Suzhou as it was in 1990/ 苏州 1990年
Map
Looking through Old Photos of Suzhou
Suzhou has Changed and changed a lot in 30 years. Lockdown has at least given me time to dig out my old photos from the store room and start to play around with them. It’s also given me plenty of time to reflect on the many ways in which life has changed.
It’s well known that Madrid was particularly badly hit by Covid 19 and while the first lockdown was brutally hard on everyone, a second one seems just around the corner.
It was against this depressing background that I turned to the photos we had taken during our 1990/91 trip to China. Nearly 6 months of hard and fascinating travel, which turned me into a China freak and changed my life too.
Our First Trip to China 1990
The trip started by crossing over the Karakorum Pass into China on a clapped out traders’ bus from Pakistan and eventually leaving China from Guangzhou on the gambling ferry to Macao, which has long since ceased to exist.

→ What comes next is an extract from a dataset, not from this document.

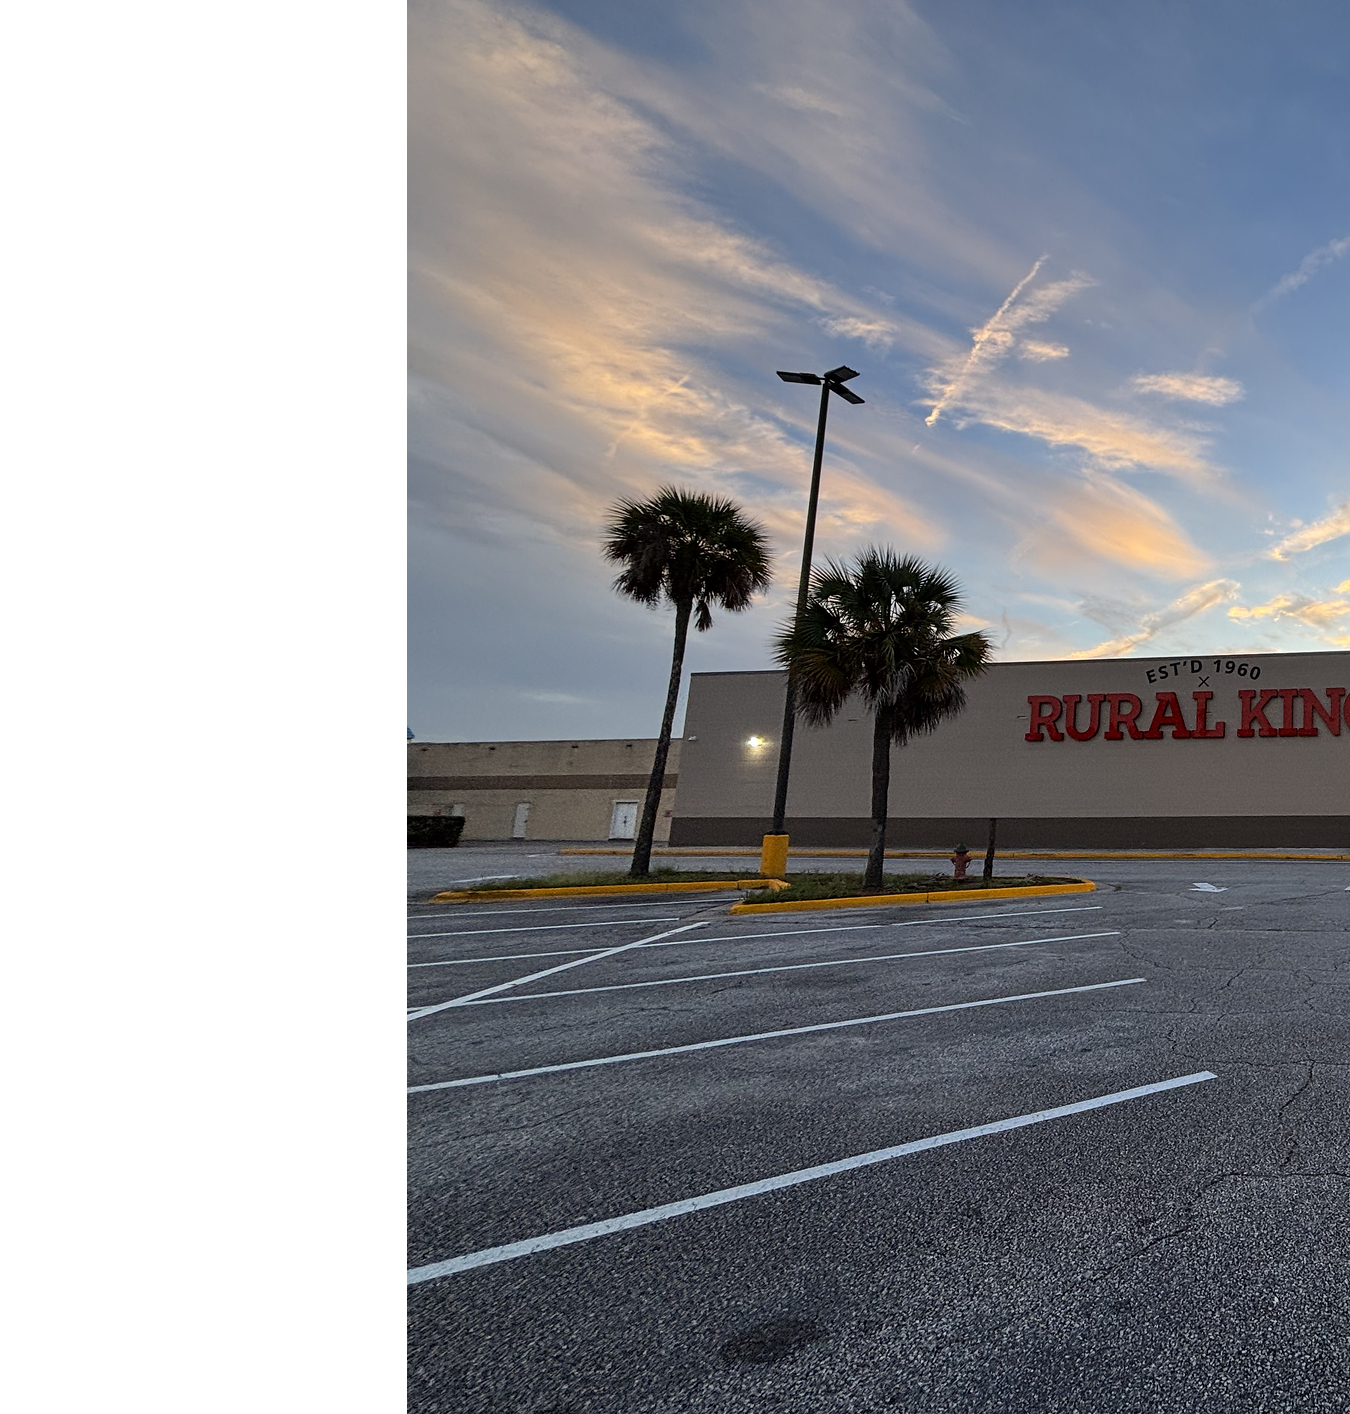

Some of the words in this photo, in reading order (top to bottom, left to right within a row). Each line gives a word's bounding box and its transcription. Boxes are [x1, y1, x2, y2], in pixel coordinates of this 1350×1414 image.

[1145, 660, 1202, 684] EST'D
[1213, 659, 1262, 681] 1960
[1024, 691, 1226, 743] RURAL

Sometime in late December we found ourselves in Suzhou. I recently came across our photos from that time in and around Suzhou and on the Grand Canal. Some of these had never been posted. So here they are.
The Photos Could have been Better
I don’t want to make too many excuses about the quality of the photos; however, the camera we used was a rusty piece of crap and we also made the mistake of having them developed in China (1991). I have tried to restore them the best I can.
So how has Suzhou changed? The somewhat deteriorated photos show that Suzhou was once a real, working water town. The barges came right into the town’s central waterways. Many of Suzhou’s trading markets actually took place on sampans on the canals.
Returning to Suzhou 2005
When we returned to Suzhou in 2005, all the river traffic had been moved away from the city center to the main artery of Grand Canal, several kilometers outside of town.
In 1990, the city’s canals were also a transport hub providing local transport to people from outlying villages. Part of the fun of being in Suzhou at that time was siting on one of the many bridges watching the over-crowded ferries shuttling people to and fro.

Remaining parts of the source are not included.